Through the first eight weeks of the 2005 campaign, though, the league's top sack men are more like a "who's he?" of pass-rushers.
Indianapolis end Robert Mathis is strictly a situational rusher, having started one game in his 39 regular-season appearances, rarely logging more than 20 snaps in any outing. Kyle Vanden Bosch of Tennessee entered the 2005 campaign having appeared in just six more games (35) than he had missed because of knee injuries during his four previous seasons. The résumé of San Francisco's Bryant Young includes four Pro Bowl appearances, but they all came when he was a 4-3 tackle and he's now playing end in a 3-4 front. Derrick Burgess of Oakland posted six sacks as a rookie with the Philadelphia Eagles in '01, then had as many surgeries as sacks (three) over the next three seasons.
But nearing the halfway point of the season, Mathis, Vanden Bosch and Young are tied for the NFL sack lead, with eight apiece, and Burgess trails them by just one quarterback takedown.
Of the NFL's top 10 sackers so far this season, only Freeney (2004) and Strahan (2001 and 2003) have ever previously led the league in sacks. Strahan, who holds the league record for sacks in a season with 22½ in 2001 (yes, the NFL still recognizes the dive that Brett Favre took for his buddy), is joined in the top 10 by four players who came into the season with fewer sacks than that in their careers. The goal of every pass-rusher is double-digit sacks, but Burgess and Vanden Bosch entered 2005 with nine and five career sacks, respectively.
While it might be sack-rilegious to contend that proven sack men such as Freeney aren't still formidable pass rushers, the 2005 season has certainly produced some new faces in the quarterback hit parade.

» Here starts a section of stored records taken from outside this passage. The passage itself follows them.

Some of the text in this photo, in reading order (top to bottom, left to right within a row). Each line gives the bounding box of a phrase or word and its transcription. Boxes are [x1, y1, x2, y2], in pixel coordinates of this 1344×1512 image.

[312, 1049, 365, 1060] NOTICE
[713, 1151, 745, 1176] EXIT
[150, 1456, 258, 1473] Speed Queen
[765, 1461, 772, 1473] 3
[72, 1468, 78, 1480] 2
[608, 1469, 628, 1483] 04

"I really don't know why," said Mathis, who defies all convention by playing end at 235 pounds, and who registered his first double-digit season last year, when he recorded 10½ sacks. "I'm just a role player, a special-teams guy and a [part-time] defensive lineman, that's all. I'm doing what I'm supposed to be doing."
A special teams guy! Yeah, that was Mathis' initial description of himself. Yet while it's true that his penchant for knocking quarterbacks off their perpendicular axes hasn't yet earned him a pass on the Colts' kick coverage units, the third-year veteran and former fifth-round draft choice from Alabama A&M has emerged as one of the league's premier situational performers.

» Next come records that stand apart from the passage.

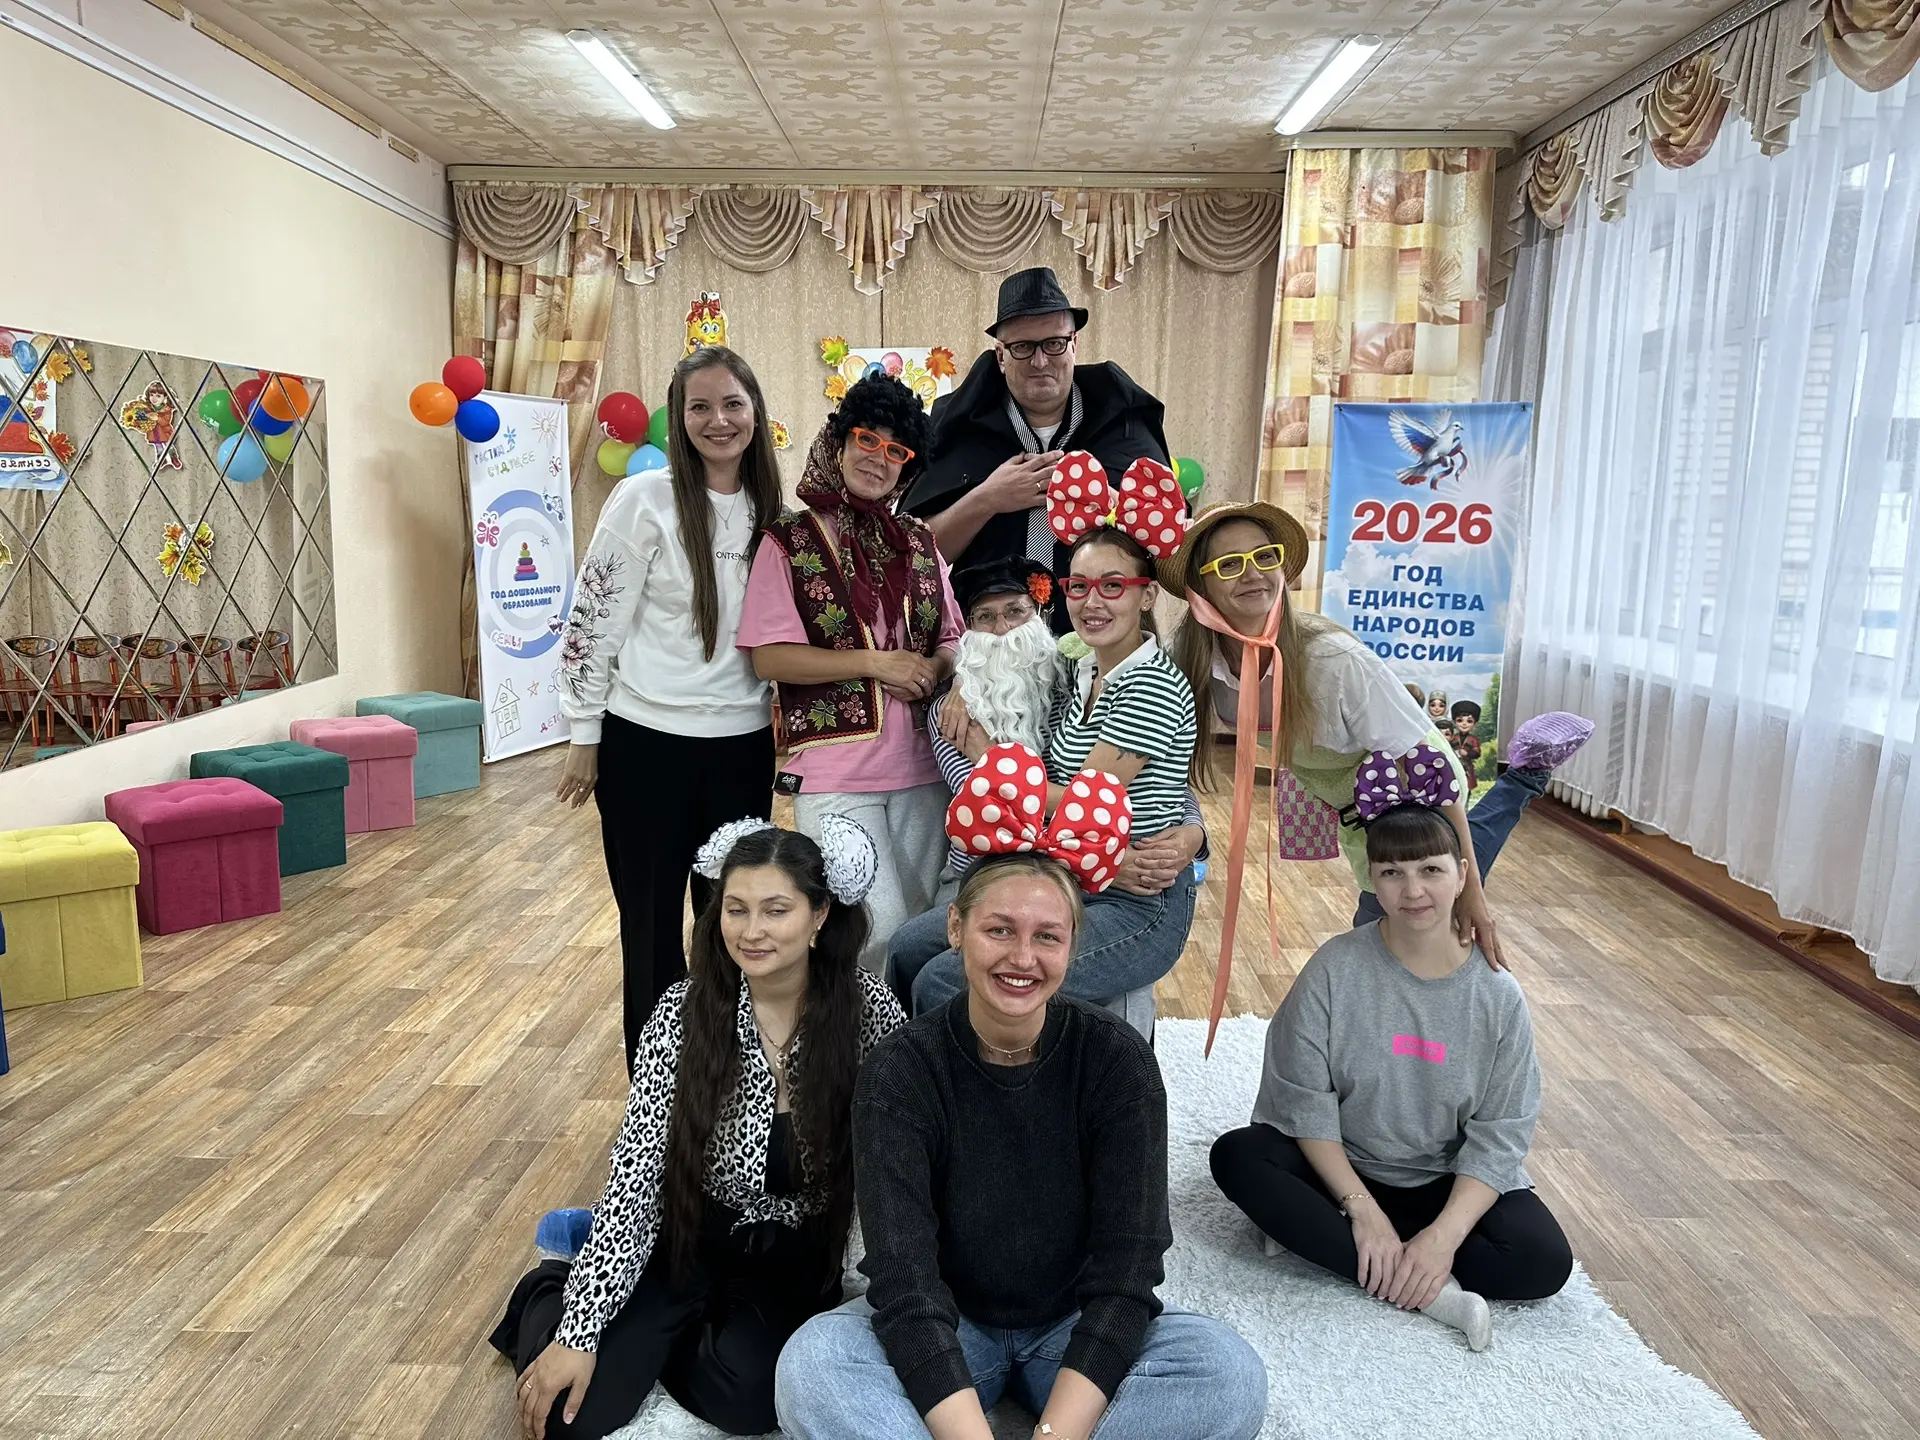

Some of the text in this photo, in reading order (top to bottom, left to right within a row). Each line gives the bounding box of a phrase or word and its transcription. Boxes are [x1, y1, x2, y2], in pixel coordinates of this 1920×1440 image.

[1351, 501, 1493, 545] 2026
[1393, 565, 1443, 586] ГОД
[490, 585, 561, 599] ГОД ДОШКОЛЬНОГО
[1347, 590, 1485, 612] ЕДИНСТВА
[502, 597, 552, 610] ОБРАЗОВАНИЯ
[1352, 615, 1476, 639] НАРОДОВ
[491, 631, 522, 648] СЕМЬЯ

You look at Mathis, who now has 18½ sacks in his last 23 games, and wonder how it is that Indianapolis, whose starting weakside linebacker, Cato June, is a former college safety, hasn't tried to convert him to the back line. Truth is, there have been brief but failed attempts, and by minimizing Mathis' snaps, the Colts are getting maximum production. Over the last two seasons, he and Freeney, the NFL sack champion in '04 and a dominant player who has faced many double- and triple-teams this year and still has six sacks, have emerged as the league's most feared pass-rush tandem.

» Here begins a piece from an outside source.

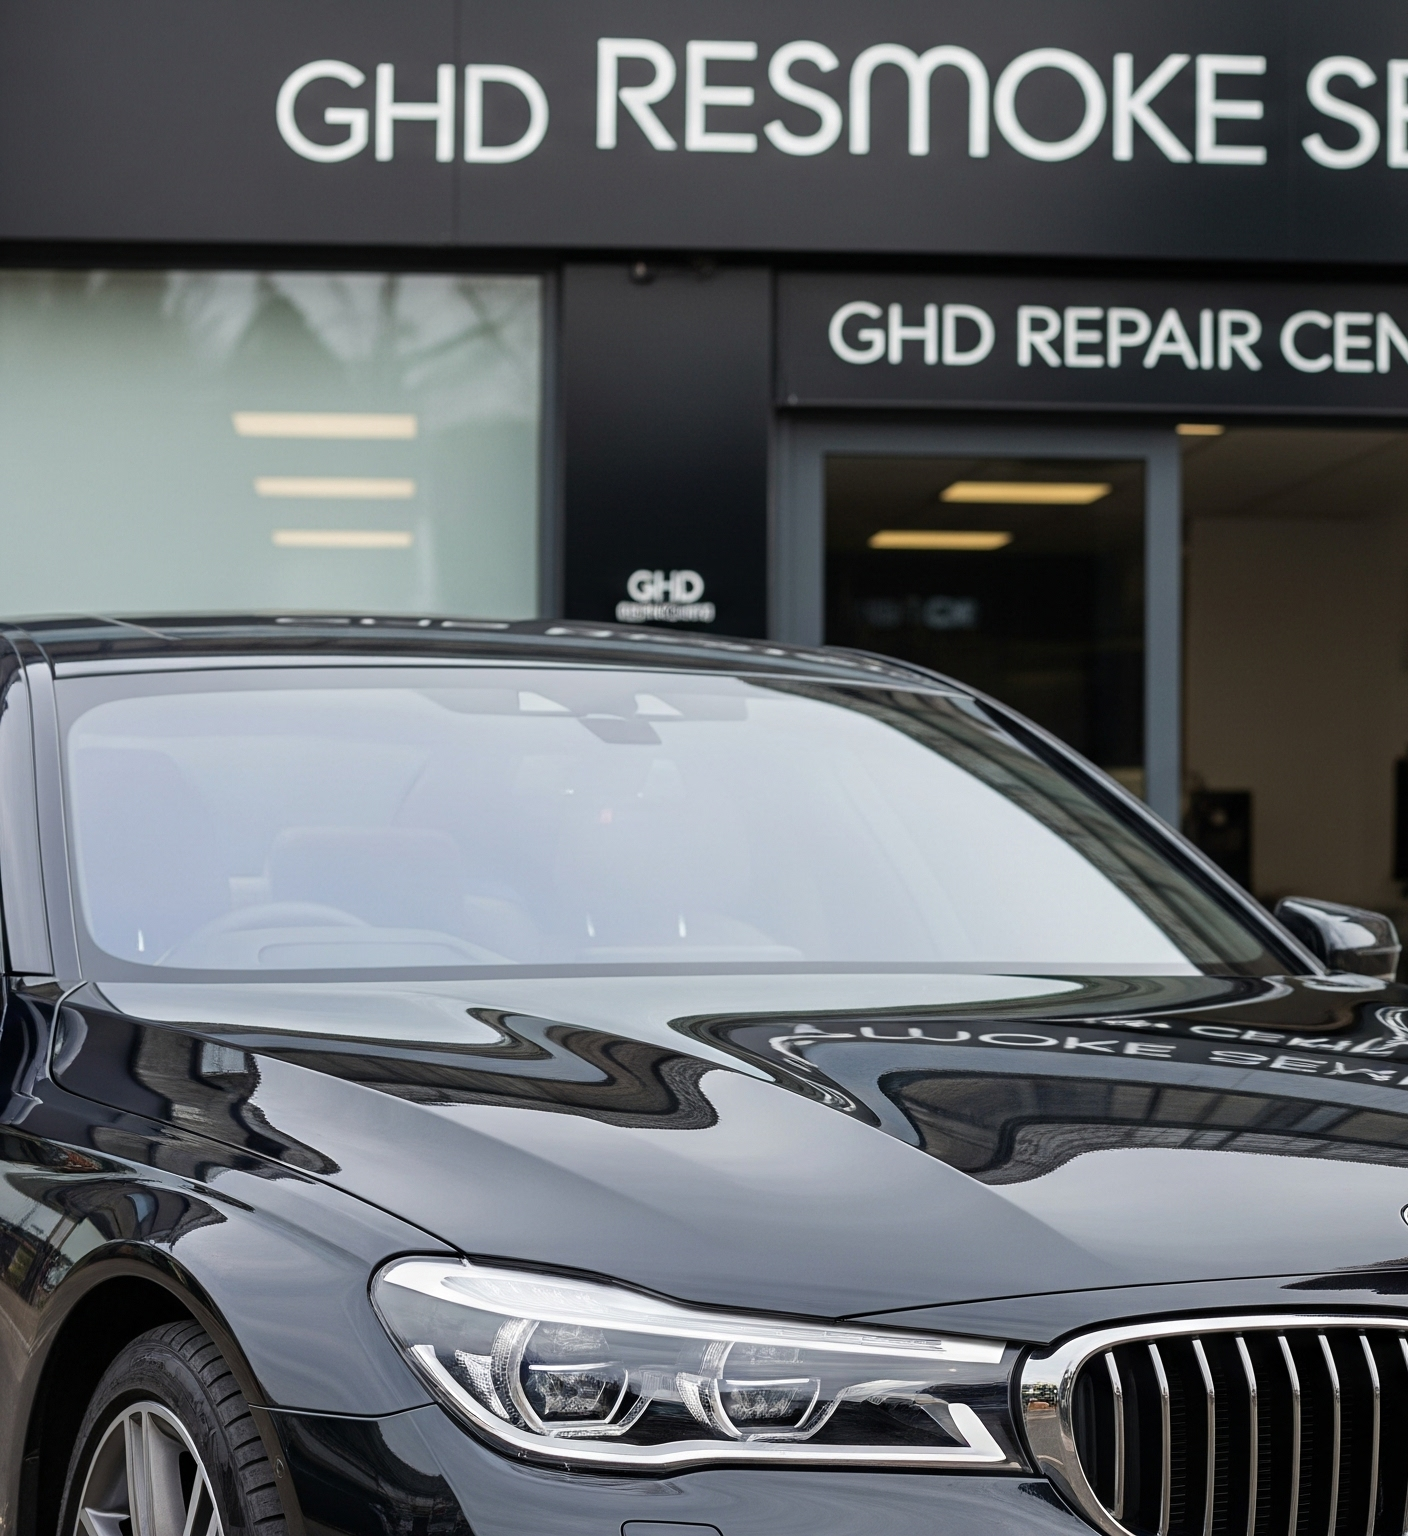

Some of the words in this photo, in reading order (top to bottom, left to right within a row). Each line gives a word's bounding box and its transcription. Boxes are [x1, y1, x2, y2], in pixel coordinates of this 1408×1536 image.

"Playing against [right offensive tackles] who weigh maybe 100 pounds more than me, my basic [approach] is not to take on the whole man," Mathis explains. "If I can get to a tackle's outside shoulder, now I've cut him in half, and I can handle that. But I know people look at me, at just 235 pounds and making plays, and they think, like, 'That's just not supposed be to happening.' But it is."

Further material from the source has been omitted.